In the case-planning phase, a patient model study was made from irreversible hydrocolloid impressions (Jeltrate, Dentsply). This helped in the analysis of occlusion, classification of the dental arches, and design in the surveyor. The upper arch was classified as Kennedy’s class I, since only tooth number 13 and an osseointegrated

implant of the external hexagon (HE) type was present in the region of the 11 tooth. The lower arch was classified as Kennedy’s class II modification 1, or unilateral posterior edentulism (figure 1).

Figure 1 Clinical view. 

The initial proposed treatment was preparing the oral environment, including prophylaxis, basic periodontal treatment, replacement of unsatisfactory dental restorations, and extraction of teeth condemned.

The patient had a broad upper prosthetic space that indicated less favorable prognosis. Due to financial constraints, the patient refused more implants in the upper arch. After deliberating the treatment options, and advantages and disadvantages, it was decided that mucus-tooth-implant-supported RPD retained with the upper O-ring type restraint and lower partial dentures retained with the staple would be the treatment of choice (figure 2 and 3).

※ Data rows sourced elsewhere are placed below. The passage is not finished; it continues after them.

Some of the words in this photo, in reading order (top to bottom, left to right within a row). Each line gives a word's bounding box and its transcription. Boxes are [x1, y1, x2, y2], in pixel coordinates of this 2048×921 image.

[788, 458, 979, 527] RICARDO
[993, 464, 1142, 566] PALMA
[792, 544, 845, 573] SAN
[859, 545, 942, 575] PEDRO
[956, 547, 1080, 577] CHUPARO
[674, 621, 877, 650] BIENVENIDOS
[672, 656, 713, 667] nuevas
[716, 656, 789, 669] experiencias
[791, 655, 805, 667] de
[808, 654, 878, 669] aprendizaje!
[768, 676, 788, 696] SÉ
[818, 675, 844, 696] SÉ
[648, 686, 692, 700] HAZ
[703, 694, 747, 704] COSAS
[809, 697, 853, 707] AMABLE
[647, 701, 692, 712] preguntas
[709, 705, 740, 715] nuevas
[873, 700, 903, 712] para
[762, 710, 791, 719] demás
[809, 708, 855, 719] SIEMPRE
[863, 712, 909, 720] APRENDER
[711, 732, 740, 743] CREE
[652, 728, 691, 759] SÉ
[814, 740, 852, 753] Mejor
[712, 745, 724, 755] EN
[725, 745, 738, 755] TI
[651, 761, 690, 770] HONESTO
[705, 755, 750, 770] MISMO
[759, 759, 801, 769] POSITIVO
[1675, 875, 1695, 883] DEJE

Figure 2 Upper arch after adjustments. 

Figure 3 Lower arch after adjustments. 

After suitable preparation of the oral cavity, the insertion path was planned and defined the teeth the guiding plane. Niches were prepared for additional retention in composite resin to improve the stability of the RPD. The incisal surfaces of the lower anterior teeth that had physiologically worn out over the years were rebuilt.

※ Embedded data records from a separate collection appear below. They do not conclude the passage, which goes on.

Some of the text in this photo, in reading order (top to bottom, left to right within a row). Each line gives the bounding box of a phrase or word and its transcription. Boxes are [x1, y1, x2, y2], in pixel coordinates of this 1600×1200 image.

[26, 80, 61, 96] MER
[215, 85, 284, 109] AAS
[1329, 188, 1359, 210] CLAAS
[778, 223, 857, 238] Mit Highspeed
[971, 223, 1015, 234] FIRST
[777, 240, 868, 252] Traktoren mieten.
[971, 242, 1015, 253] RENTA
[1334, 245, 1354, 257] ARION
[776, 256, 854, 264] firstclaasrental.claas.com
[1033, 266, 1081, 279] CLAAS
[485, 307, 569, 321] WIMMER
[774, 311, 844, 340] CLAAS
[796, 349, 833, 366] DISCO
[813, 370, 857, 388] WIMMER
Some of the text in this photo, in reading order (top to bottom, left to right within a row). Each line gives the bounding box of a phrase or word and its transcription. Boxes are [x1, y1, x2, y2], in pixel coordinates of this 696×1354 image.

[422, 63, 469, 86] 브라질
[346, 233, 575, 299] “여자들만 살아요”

After preparation in the mouth was completed, an irreversible hydrocolloid (Jeltrate, Dentsply) impression of the lower arch was obtained in a stock tray. The impression of the upper arch was recorded using an individual acrylic resin tray (JET, Classical), followed by recording the anatomical and functional impressions using the impression compound stick (Kerr) for peripheral sealing and mercaptan (Permlastic, Kerr) for functional impression around the edge. A reliable model was to be obtained based on the principles of complete denture prosthesis, because only one tooth and an implant in the upper arch provided auxiliary stability and retention to the RPD, and the retention characteristics of this RPD were based on the principles of adhesion, cohesion, and surface tension. The models were poured with type IV plaster (Durone, Dentsply).

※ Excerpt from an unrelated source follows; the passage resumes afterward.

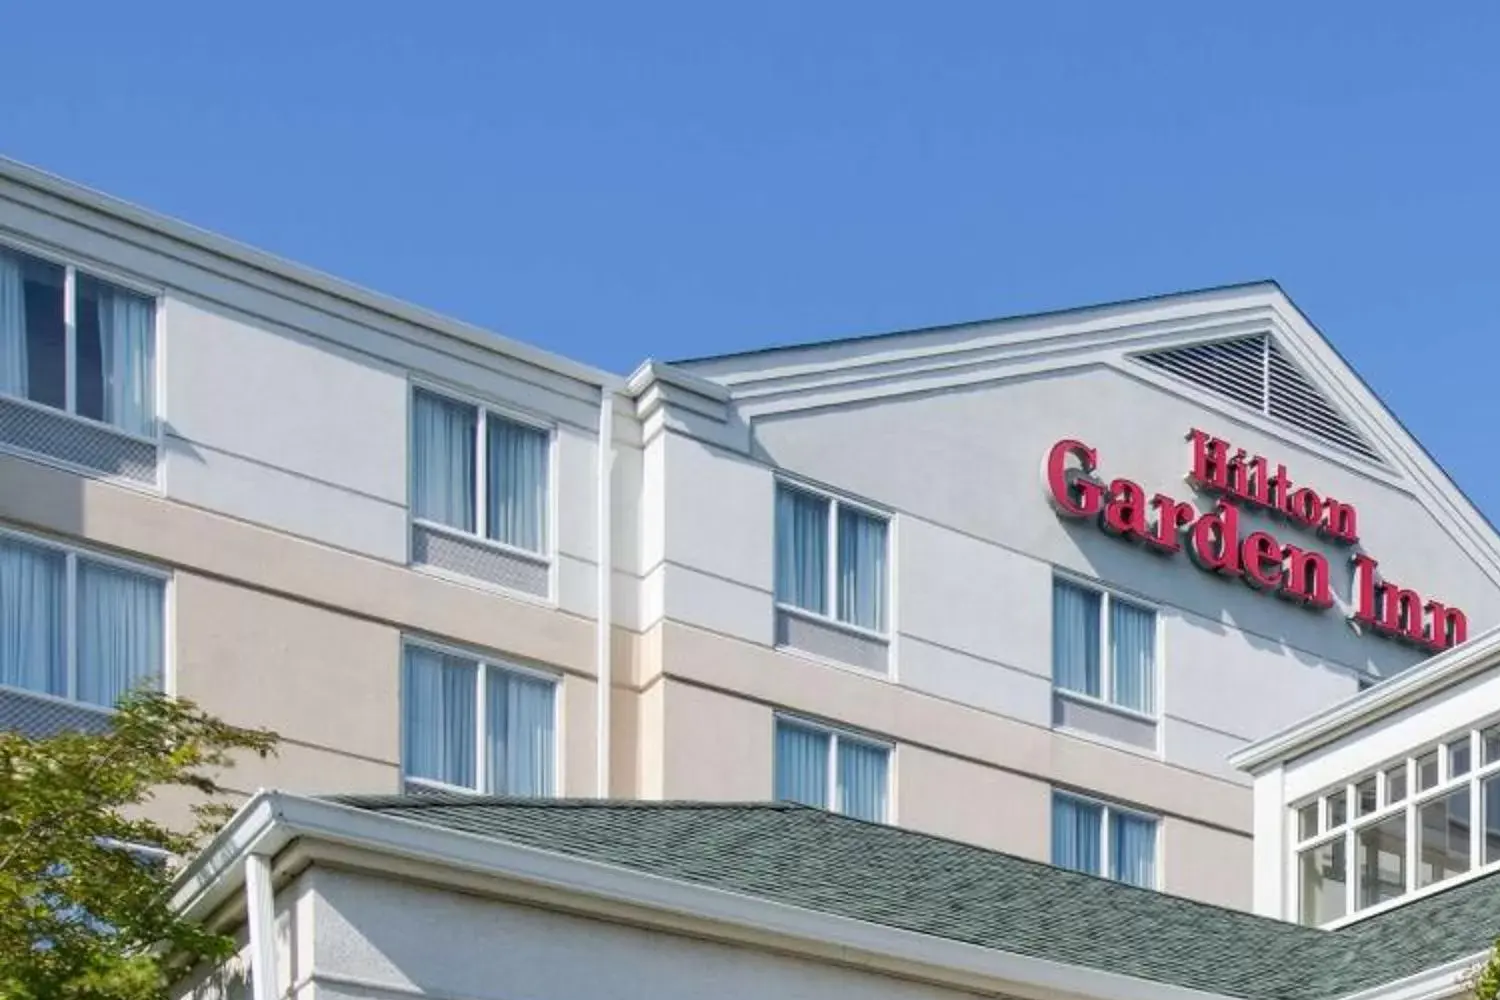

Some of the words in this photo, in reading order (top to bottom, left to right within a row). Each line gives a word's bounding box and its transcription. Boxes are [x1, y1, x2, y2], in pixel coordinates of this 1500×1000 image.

[1042, 439, 1334, 610] Garden
[1348, 553, 1468, 651] Inn
[1184, 428, 1360, 544] Hilton

The RPD structures were made of cobalt-chromium alloy (Co-Cr). In the upper RPD, palatal support was placed above the upper canine girdle (13), while the lower one derived mesial support from 44, 47, and 35 teeth and the distal part of 34. The latter provided indirect retention in rotational movements.

T-stub action clasp was placed on teeth 13, 35, and 45. A circumferential clasp was designed for 47. The larger connector was used for total coverage of the palate with a lingual bar in the lower arch (figures 4 and 5).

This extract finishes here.